ACTION ITEM: The whole listing that follows, pictures excepted, should be printed again exactly as given.

#### EXERCISE MATERIAL ####

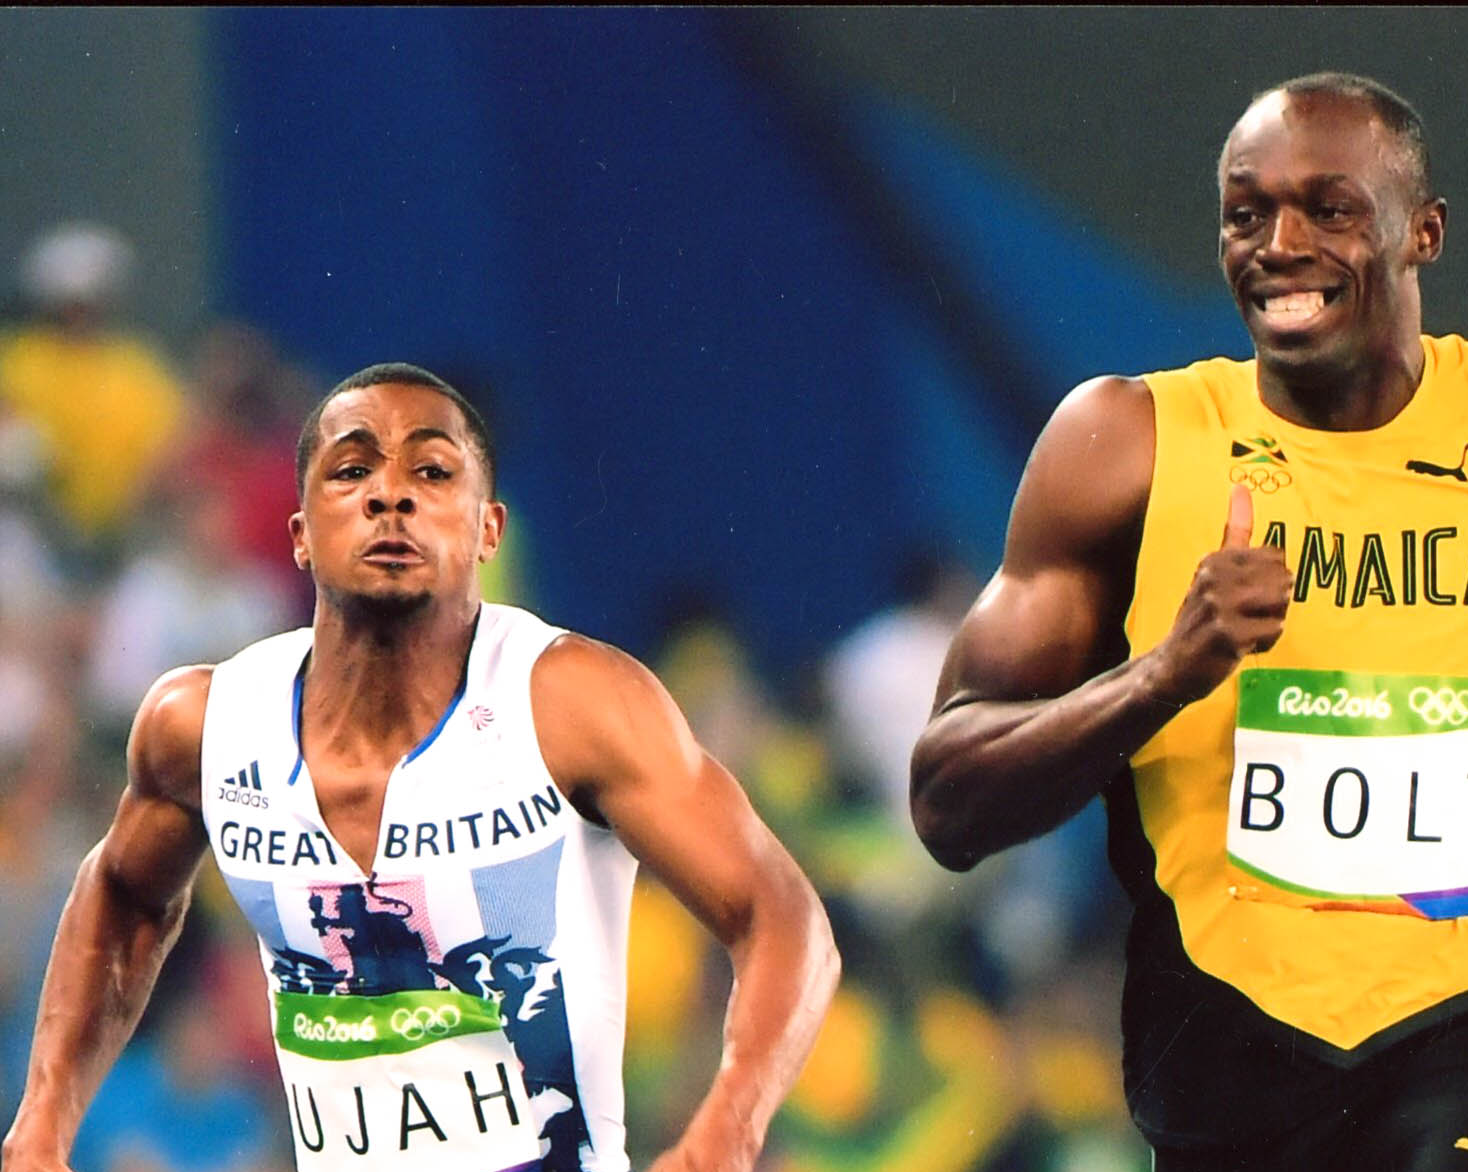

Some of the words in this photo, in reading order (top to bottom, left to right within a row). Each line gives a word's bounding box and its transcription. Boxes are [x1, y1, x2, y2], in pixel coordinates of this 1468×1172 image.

[1278, 686, 1391, 719] Rio2016
[384, 785, 561, 858] BRITAIN
[293, 1012, 376, 1042] Rio2016
[290, 1062, 520, 1156] UJAH
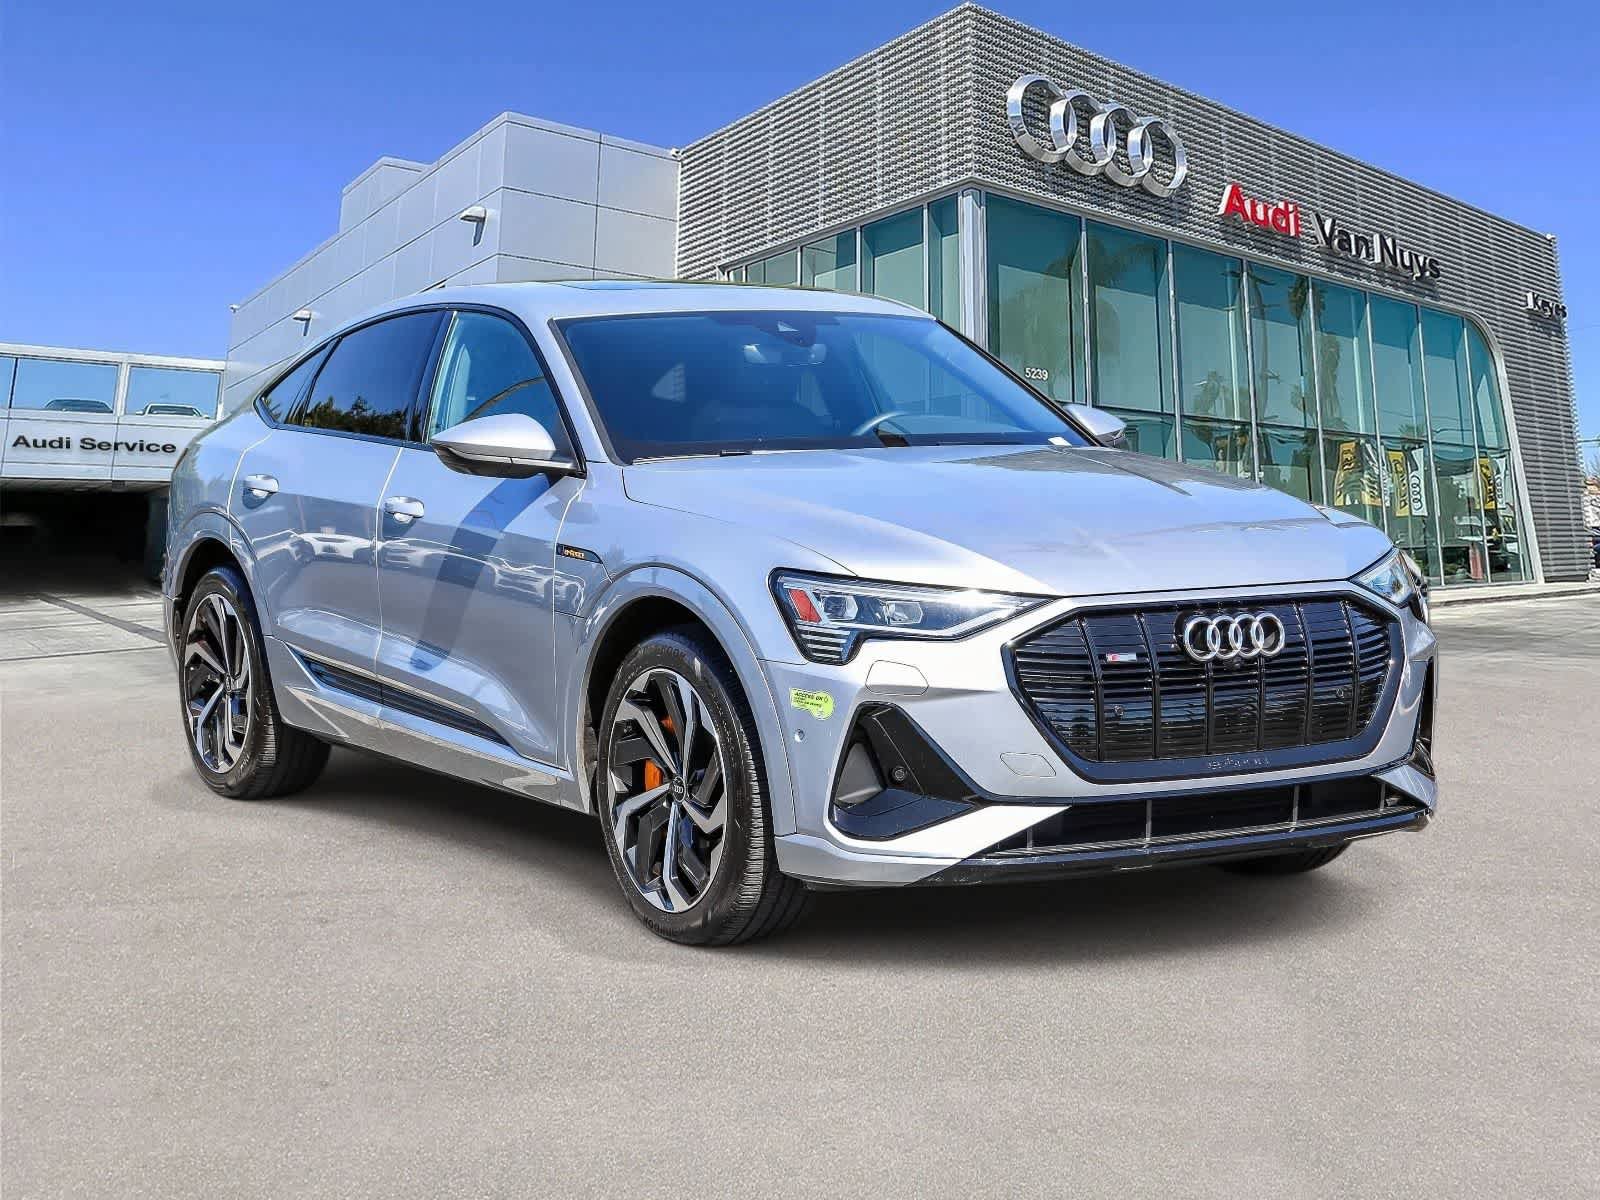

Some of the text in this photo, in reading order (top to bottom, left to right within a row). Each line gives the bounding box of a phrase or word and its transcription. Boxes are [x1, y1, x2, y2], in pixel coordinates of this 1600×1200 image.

####

RESPONSE AREA:
Some of the words in this photo, in reading order (top to bottom, left to right within a row). Each line gives a word's bounding box and its transcription. Boxes are [x1, y1, x2, y2], in pixel coordinates of this 1468×1172 image.

[1278, 686, 1391, 719] Rio2016
[384, 785, 561, 858] BRITAIN
[293, 1012, 376, 1042] Rio2016
[290, 1062, 520, 1156] UJAH

Some of the text in this photo, in reading order (top to bottom, left to right within a row). Each line gives the bounding box of a phrase or word and its transcription. Boxes are [x1, y1, x2, y2], in pixel coordinates of this 1600×1200 image.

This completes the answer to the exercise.